Text-to-region grounding data:

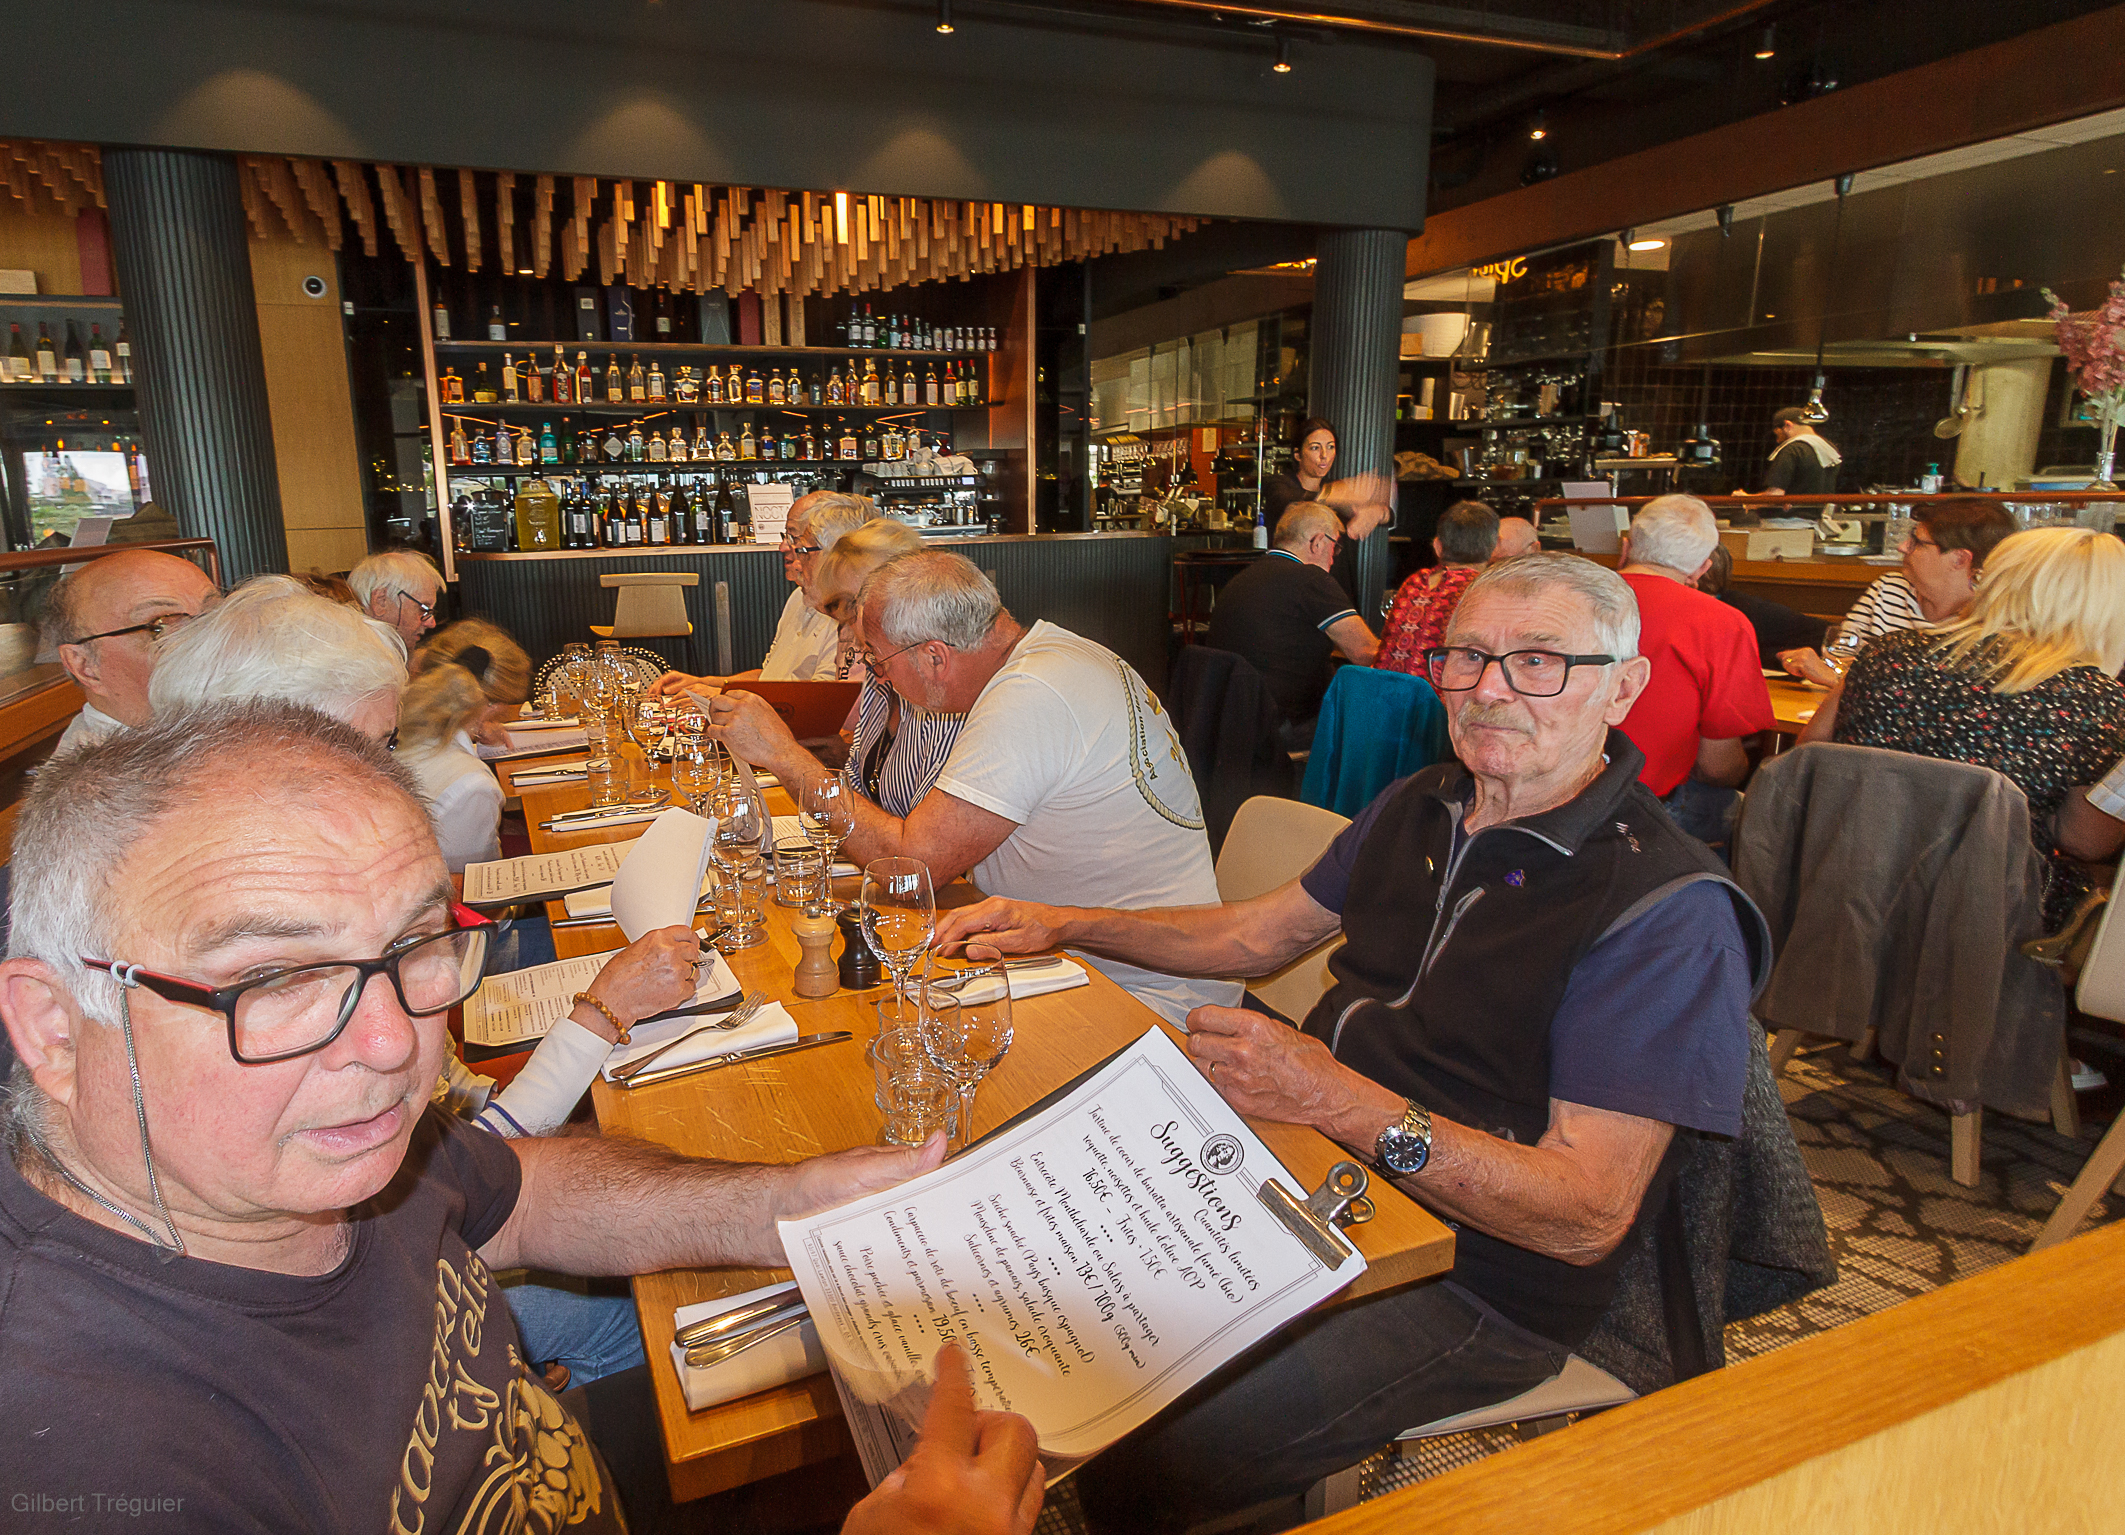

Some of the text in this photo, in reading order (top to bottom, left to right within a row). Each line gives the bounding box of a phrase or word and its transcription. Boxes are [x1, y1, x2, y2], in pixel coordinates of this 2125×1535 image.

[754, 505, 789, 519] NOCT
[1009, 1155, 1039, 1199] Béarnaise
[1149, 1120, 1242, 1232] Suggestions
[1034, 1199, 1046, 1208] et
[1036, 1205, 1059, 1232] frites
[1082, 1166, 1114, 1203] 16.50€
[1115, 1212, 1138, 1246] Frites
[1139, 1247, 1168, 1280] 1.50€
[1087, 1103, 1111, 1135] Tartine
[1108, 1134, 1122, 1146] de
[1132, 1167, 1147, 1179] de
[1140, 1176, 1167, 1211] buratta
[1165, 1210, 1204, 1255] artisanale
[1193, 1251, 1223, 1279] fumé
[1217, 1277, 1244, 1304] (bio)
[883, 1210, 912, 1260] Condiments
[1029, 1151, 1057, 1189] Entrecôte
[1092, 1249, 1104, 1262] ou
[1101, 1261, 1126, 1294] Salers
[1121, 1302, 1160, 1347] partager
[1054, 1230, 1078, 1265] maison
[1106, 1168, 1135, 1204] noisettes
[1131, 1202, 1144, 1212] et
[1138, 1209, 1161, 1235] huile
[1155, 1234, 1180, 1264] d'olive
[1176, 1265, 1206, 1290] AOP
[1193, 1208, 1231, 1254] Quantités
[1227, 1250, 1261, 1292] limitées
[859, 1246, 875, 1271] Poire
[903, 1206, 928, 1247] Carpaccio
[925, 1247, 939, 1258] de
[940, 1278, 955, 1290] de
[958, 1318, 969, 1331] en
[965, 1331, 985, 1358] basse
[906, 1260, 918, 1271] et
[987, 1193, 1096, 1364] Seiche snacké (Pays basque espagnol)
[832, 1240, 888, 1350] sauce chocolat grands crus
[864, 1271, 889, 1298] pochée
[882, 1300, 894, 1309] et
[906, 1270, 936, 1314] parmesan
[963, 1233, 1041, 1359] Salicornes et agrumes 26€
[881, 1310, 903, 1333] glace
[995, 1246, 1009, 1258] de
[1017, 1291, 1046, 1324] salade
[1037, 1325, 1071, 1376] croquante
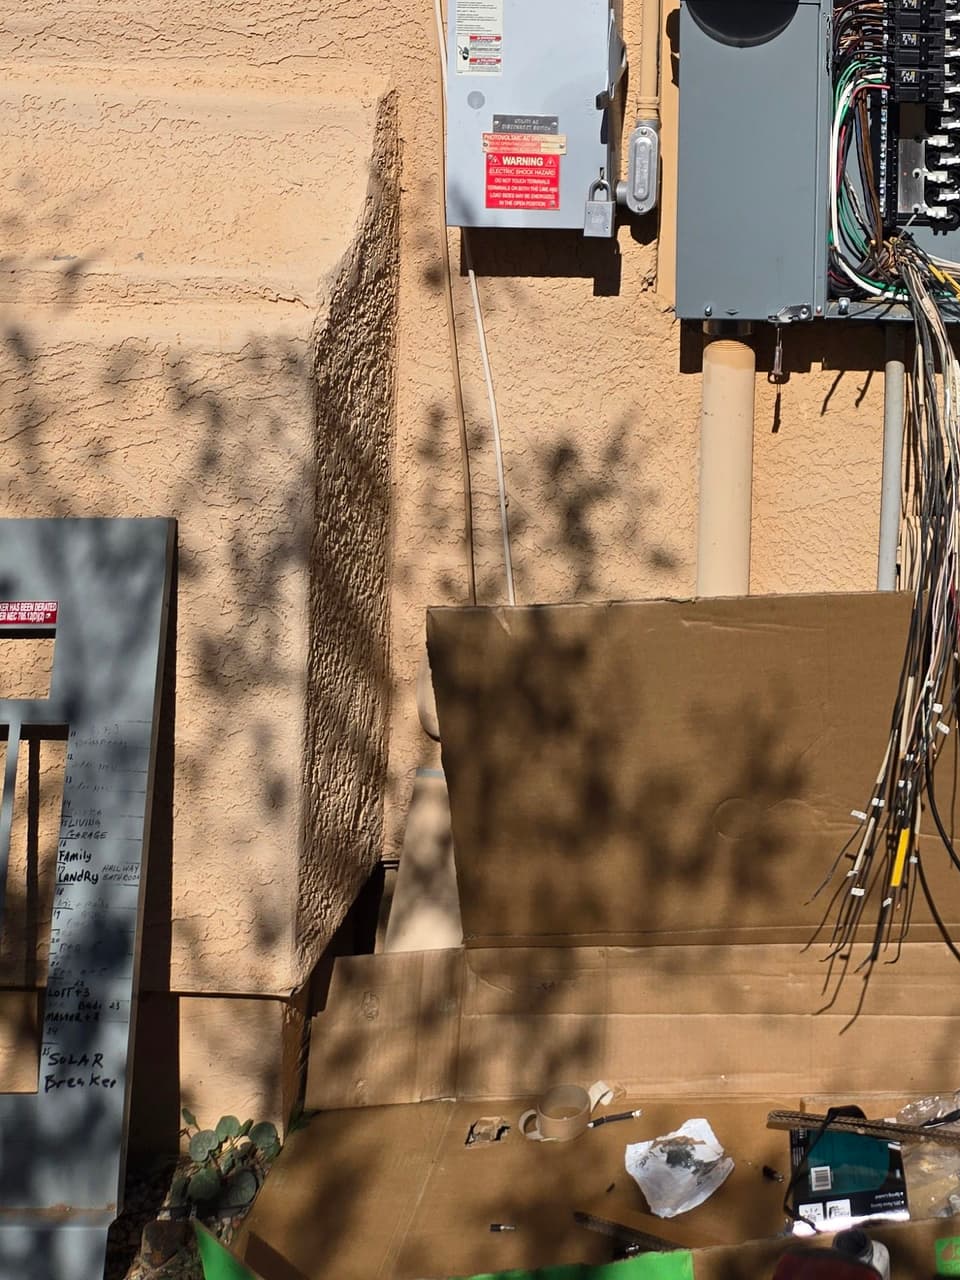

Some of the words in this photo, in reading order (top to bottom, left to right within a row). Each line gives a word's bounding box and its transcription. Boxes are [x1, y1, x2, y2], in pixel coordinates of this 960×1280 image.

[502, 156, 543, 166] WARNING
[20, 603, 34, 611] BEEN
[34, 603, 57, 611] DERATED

● Work instruction
Return the lines beginning at the one that contains "Some of the words" and continuing through the last line of the data, exactly as they stand and without any others.

● Problem solution
Some of the words in this photo, in reading order (top to bottom, left to right within a row). Each line gives a word's bounding box and its transcription. Boxes are [x1, y1, x2, y2], in pixel coordinates of this 960×1280 image.

[502, 156, 543, 166] WARNING
[20, 603, 34, 611] BEEN
[34, 603, 57, 611] DERATED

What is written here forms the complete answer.